In der Romantik, die der Zeit der Aufklärung folgte und die
den Beginn der Industrialisierung, der Industriellen Revolution, begleitete,
gab es die Vorstellung, dass Systeme ihr eigenes Bewusstsein hätten - eines,
das größer sei als je ein Individuum sein könne. Städte sind solche
Über-Ich-Systeme. Frau Bosch hat versucht, mit ihrem Markenbildungsprozess das
Über-Ich Reutlingens zu bestimmen - ein Über-Ich, dem sie mit dem Bau der
Stadthalle und anderer architektonischer Projekte Ausdruck geben wollte. Die
Reutlinger sind ihr bis in die Dörfer hinein nicht unbedingt und schon gar
nicht bedingungslos gefolgt. Die Stadthalle ist nicht identitätsstiftend -
weder für Stadt noch fürs Land. Sie ist trotz der majestätisch distanzierten
Architektur ein reiner Funktionsbau. Man ist versucht zu sagen: Sie wirkt wie
das Kainsmal unserer Stadt. Sie ist ein Symbol dafür, dass Reutlingen eine
Stadt ist und nicht Land. Aber die fehlende Identifikation damit zeigt, dass
diese angebliche Großstadt zugleich auch immer noch sehr stark Land ist. Eine
sehr schwierige Situation, die jeder der Kandidaten für das Amt des Oberbürgermeisters
zu spüren bekommt.
Wen immer wir im Februar zum Oberbürgermeister der Stadt
wählen werden, er wird entscheiden müssen, wohin Reutlingen unterwegs ist,
"nod" ist. Die Antwort darauf, das wissen wir jetzt ganz genau, wird
er nicht aus Stuttgart bekommen. Reutlingen wird kein eigener Stadtkreis. Die
Landespolitik erschöpft sich an sich selbst, ist ohne Courage, lebt und liebt
keine neuen Konzepte. Sie ist nicht Kain.

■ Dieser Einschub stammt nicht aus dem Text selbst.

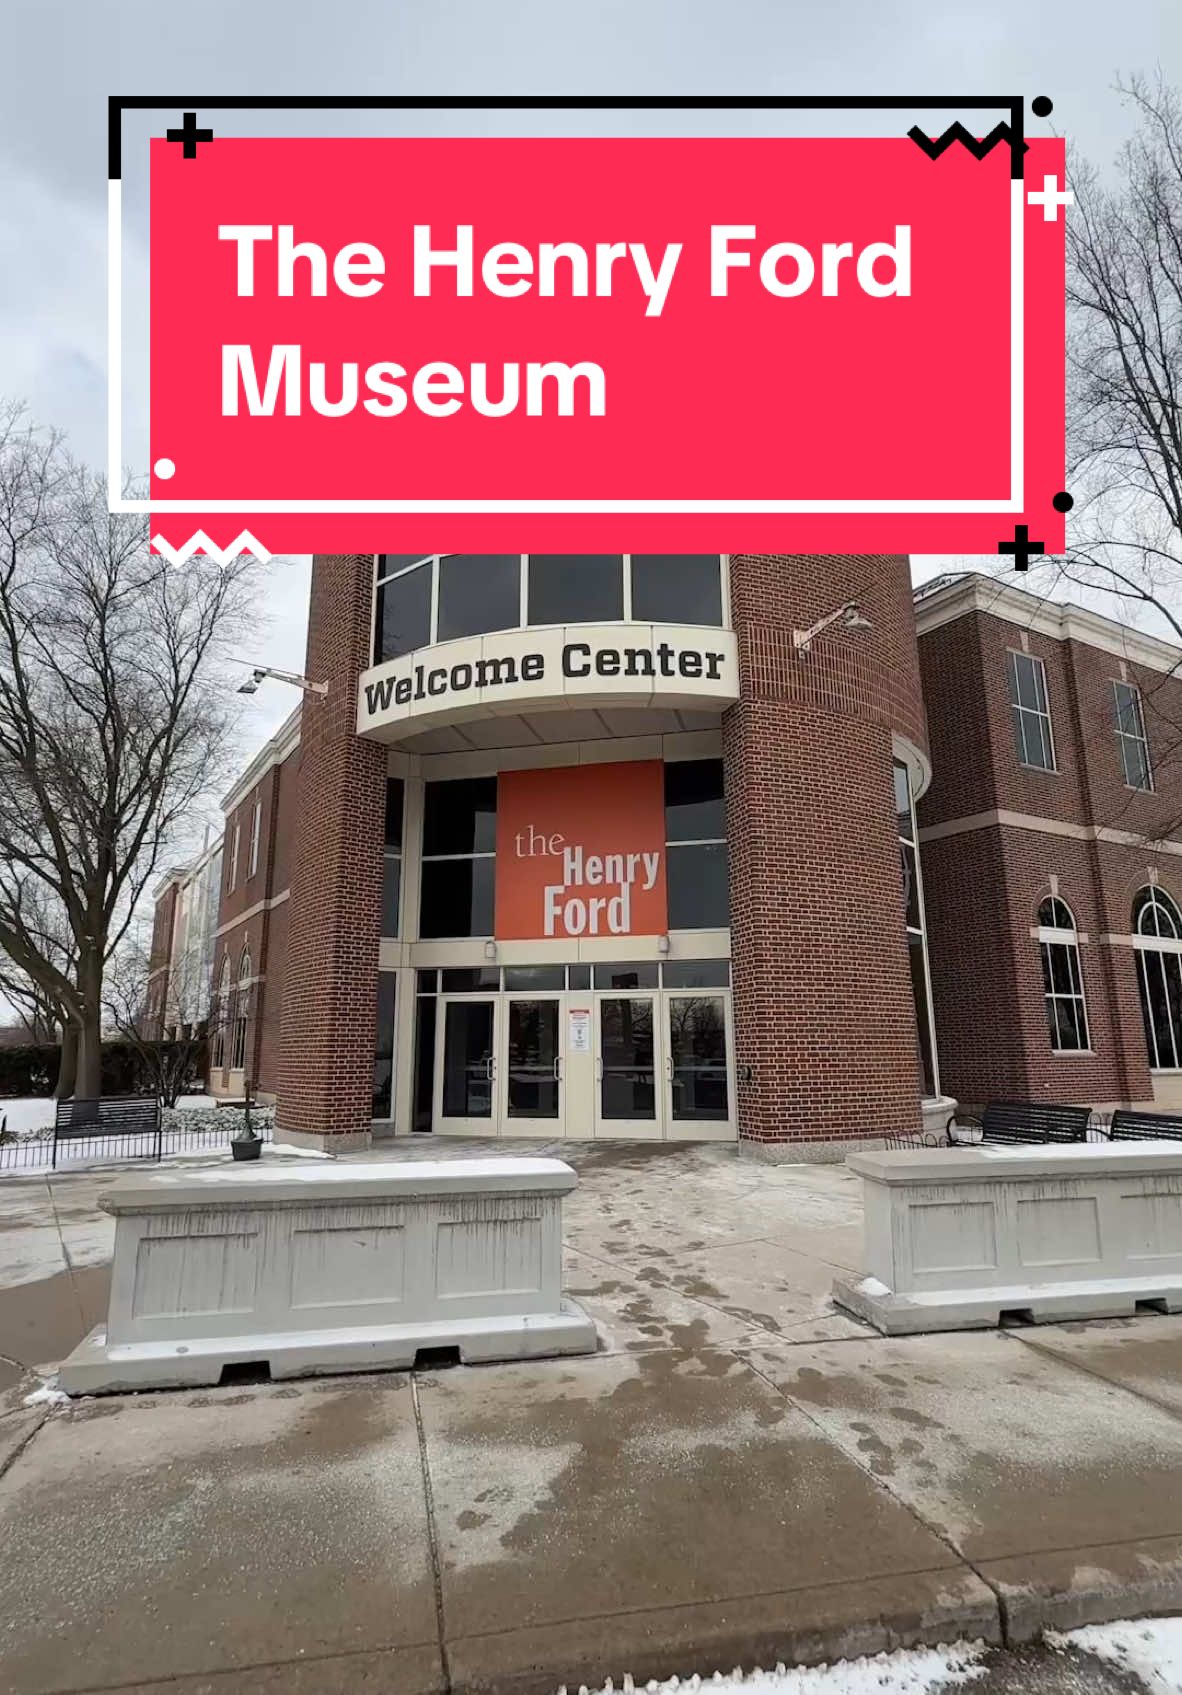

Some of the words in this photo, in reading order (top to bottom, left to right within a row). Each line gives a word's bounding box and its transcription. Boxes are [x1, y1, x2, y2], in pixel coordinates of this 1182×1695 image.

[364, 653, 545, 715] Welcome
[562, 643, 725, 680] Center
[515, 824, 566, 857] the
[563, 845, 660, 890] Henry
[543, 881, 631, 936] Ford

Wir, die Bürger dieser Stadt, müssen nun die Antwort geben. Auf
uns kommen Zeiten des Übergangs zu. Die nächsten fünf bis acht Jahren müssen
unsere Zeiten sein. Wir sind der Souverän. Bei der OB-Wahl können wir dies
ebenso zeigen wie bei der Kommunalwahl. Durch hohe Wahlbeteiligung und durch
hohe Aufmerksamkeit. Mit dem Kompromissvorschlag will das Land Reutlingen auf
den Weg einer allmählichen, stufenweisen, gemanagten Transformation bringen. So
muss man jedenfalls diesen im ursprünglichen Sinne "faulen"

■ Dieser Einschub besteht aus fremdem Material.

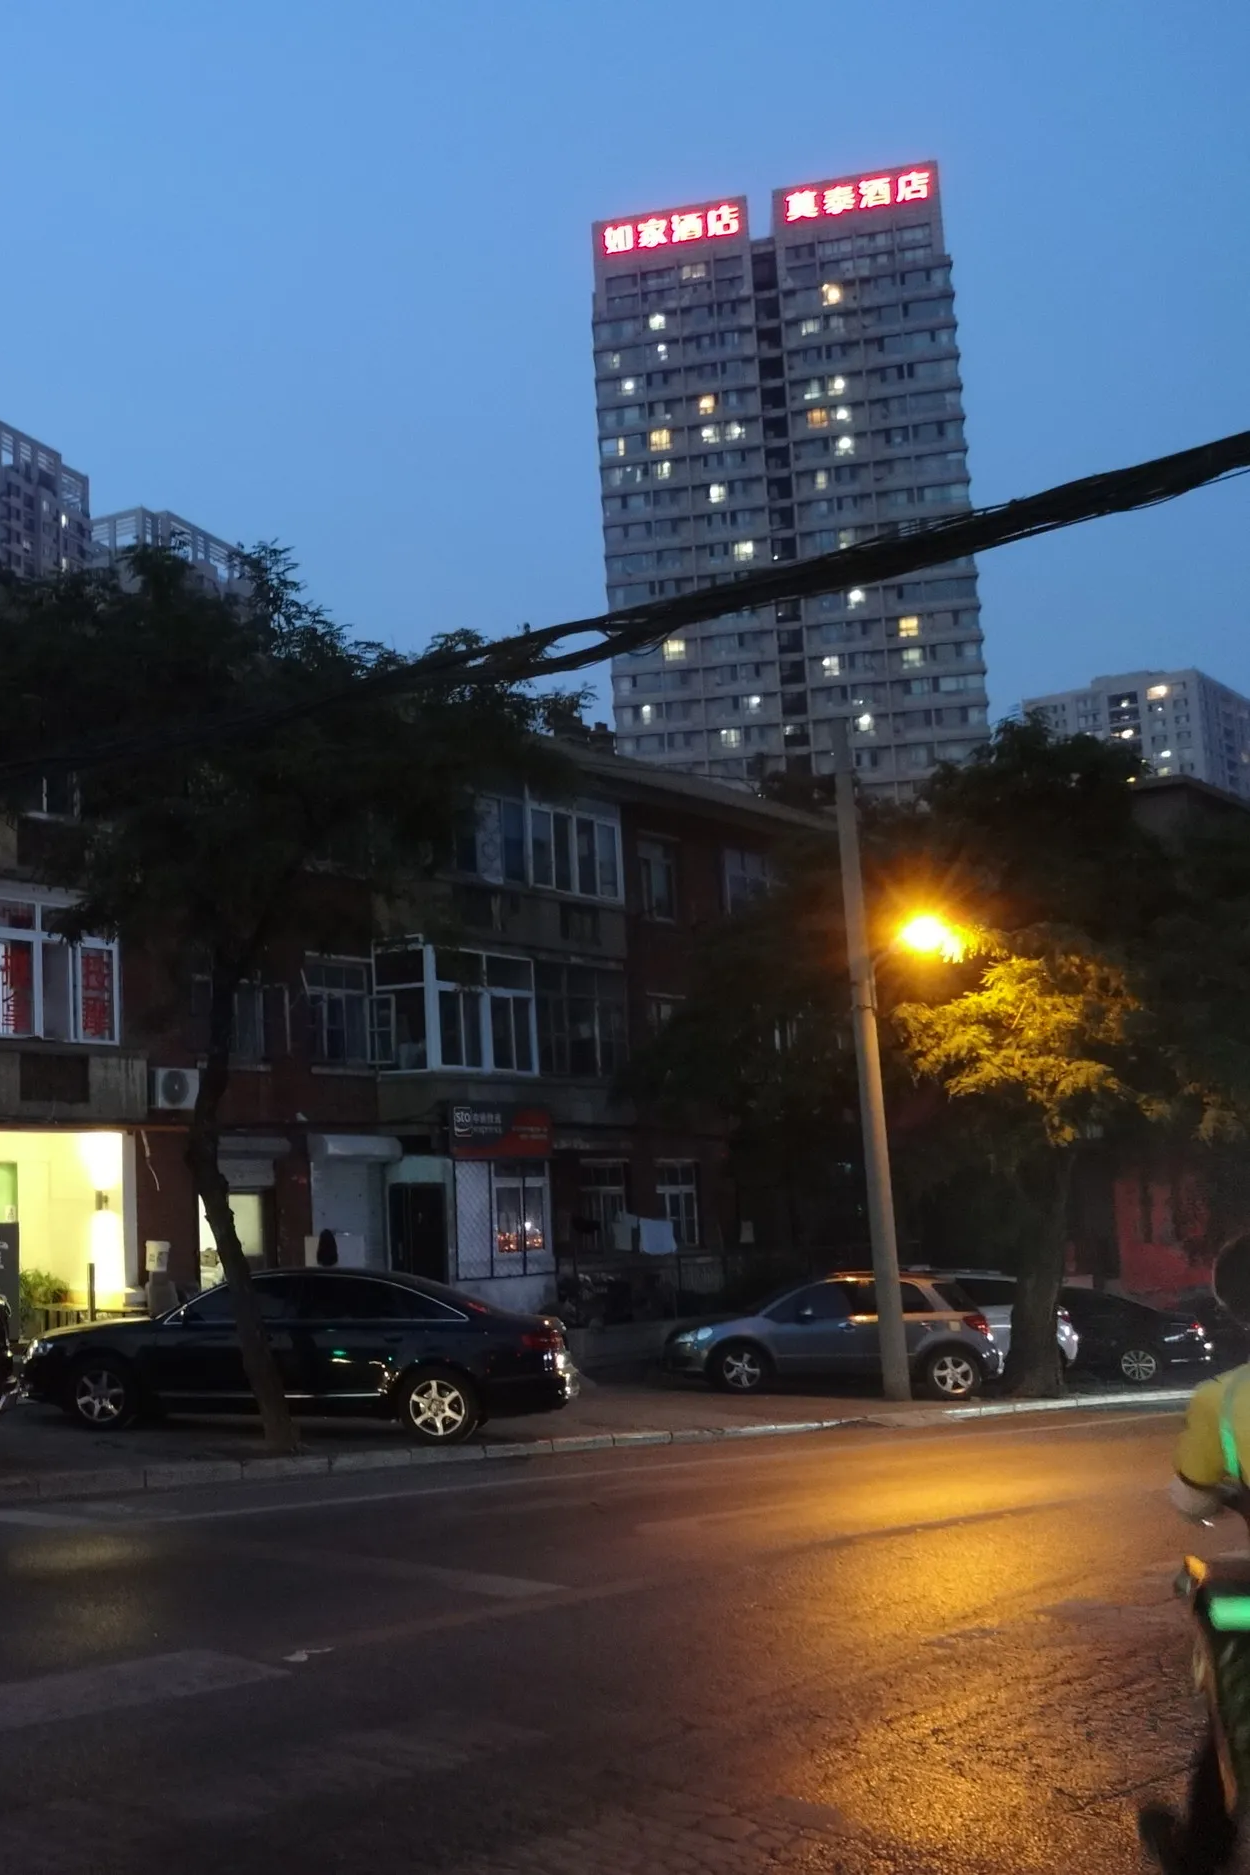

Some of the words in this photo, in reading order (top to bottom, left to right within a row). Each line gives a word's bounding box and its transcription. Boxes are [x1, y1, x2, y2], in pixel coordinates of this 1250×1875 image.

[785, 171, 930, 222] 莫泰酒店
[603, 205, 740, 254] 如家酒店

Kompromiss verstehen. Das wird nicht funktionieren. Zeiten der Transformation sind
immer sprunghaft. Die Stadtkreisgründung wäre ein solcher Sprung gewesen, ein
Sprung durchaus ins Ungewisse. Vor dem hat aber dieses Land und seine Regierung
eine Heidenangst. Die "Obrigkeit" ahnt, dass all das, was sie bislang
adelte, die Industrie, vor allem die des Automobils, vor gewaltigen Umwälzungen
steht. Umso mehr möchte man den Augenblick, wie er jetzt ist, anhalten. Fatal.
Denn es ist wie im griechischen Drama: Je mehr man versucht, sein Schicksal
aufzuhalten, desto unweigerlicher kommt es auf einen zu.
Springen wir also ins Neue Jahr. Mit frischem Mut.